More significant for the former vice president is his strength with seniors, an advantage Democrats did not enjoy four years ago. Mr. Biden enjoys a 12-point lead, 52 to 40, among people 65 and older across the four states and, by overwhelming numbers, they say he would do a better job than Mr. Trump unifying the country, handling race relations and addressing the pandemic.

These same voters remain deeply concerned about the virus, with 58 percent of them saying “the federal government’s priority should be to limit the spread of the coronavirus, even if it hurts the economy.”
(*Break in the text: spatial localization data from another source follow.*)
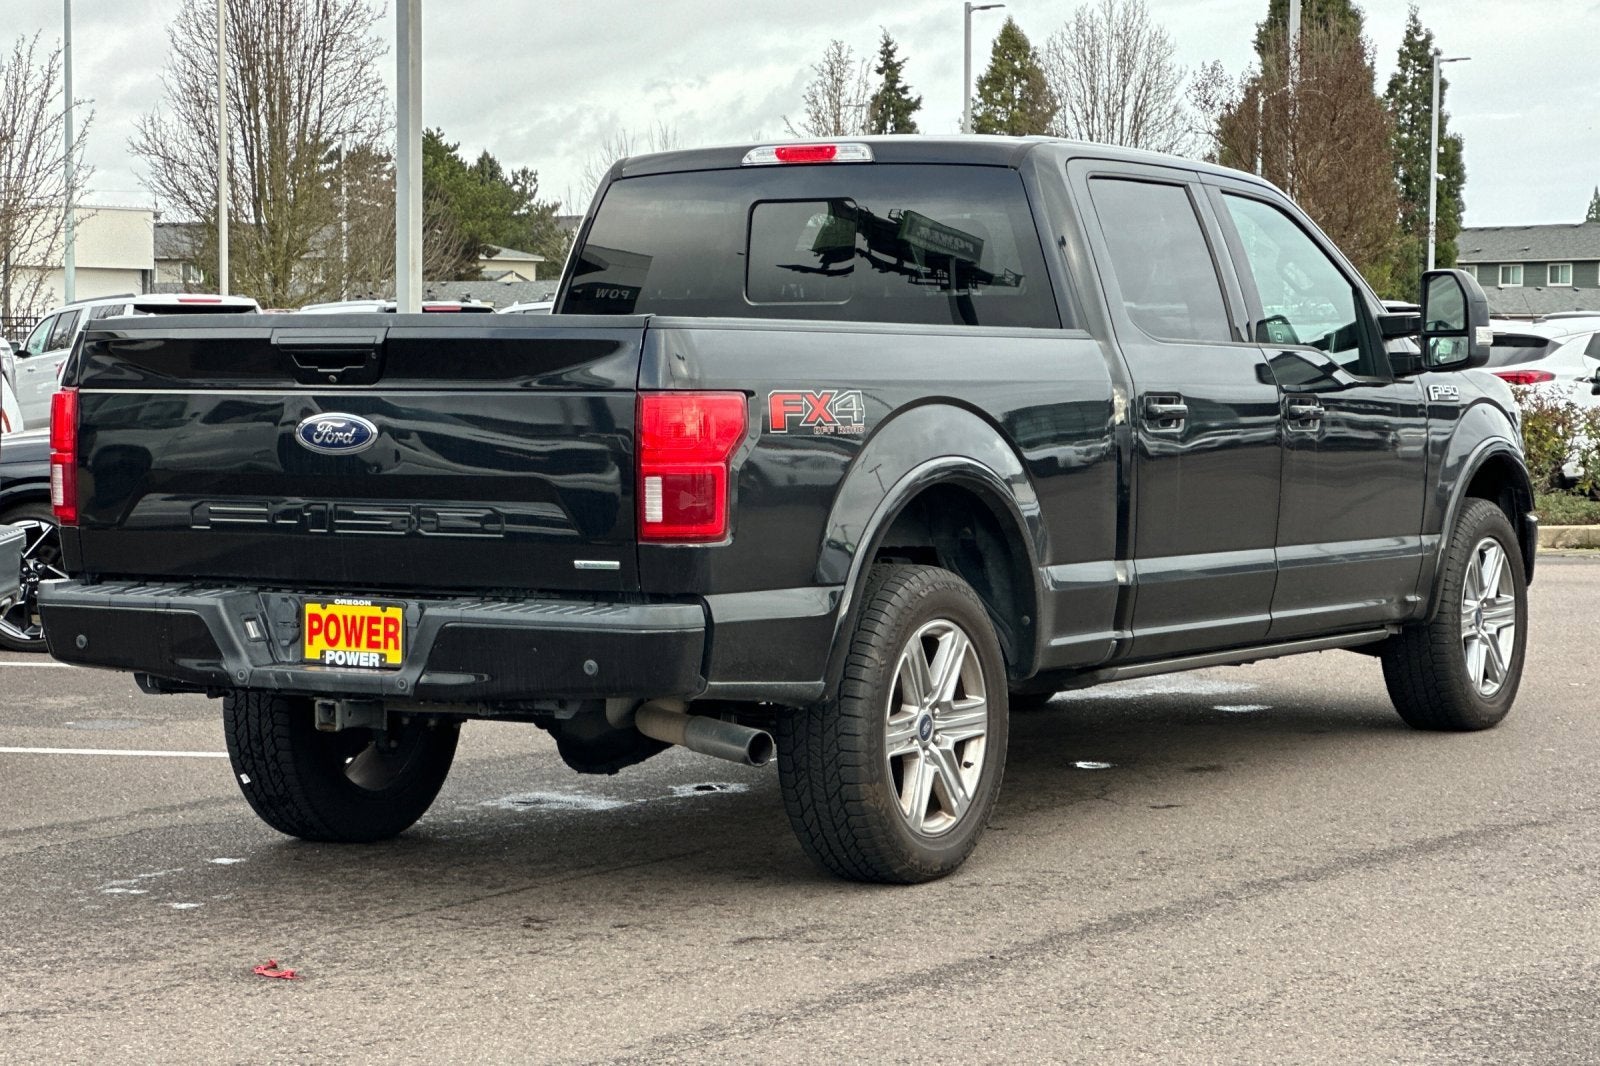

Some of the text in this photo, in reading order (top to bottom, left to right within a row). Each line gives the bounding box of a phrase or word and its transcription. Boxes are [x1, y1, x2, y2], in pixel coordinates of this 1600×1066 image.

[768, 390, 866, 433] FX4
[313, 421, 357, 444] Ford
[333, 598, 372, 606] OREGON
[307, 612, 400, 650] POWER
[325, 650, 380, 667] POWER
If there is a warning sign for Mr. Biden in the survey below Mr. Trump’s modest growth, it is that many seniors want him to more forcefully denounce the violence that has grown out of the summer’s racial justice protests.

By a 20-point margin, 53 to 33, voters over 65 in the four states said the former vice president had not done enough to denounce rioting. And 70 percent of these same voters said crime was a “major problem” in the country.

Ellen Christenson, a 69-year-old Wisconsinite, said she voted for former President Barack Obama twice before backing Jill Stein, the Green Party nominee, in 2016. Now Ms. Christenson said she was torn between Mr. Trump and Mr. Biden and “could go either way.”

Mr. Biden, she said, had not sufficiently “condemned the violence and the burning.”

Originally a supporter of the Black Lives Matter movement, Ms. Christenson said she now felt it had “gone too far,” and she said she “kind of resented” that her workplace recently forced her to take a seminar on microaggressions.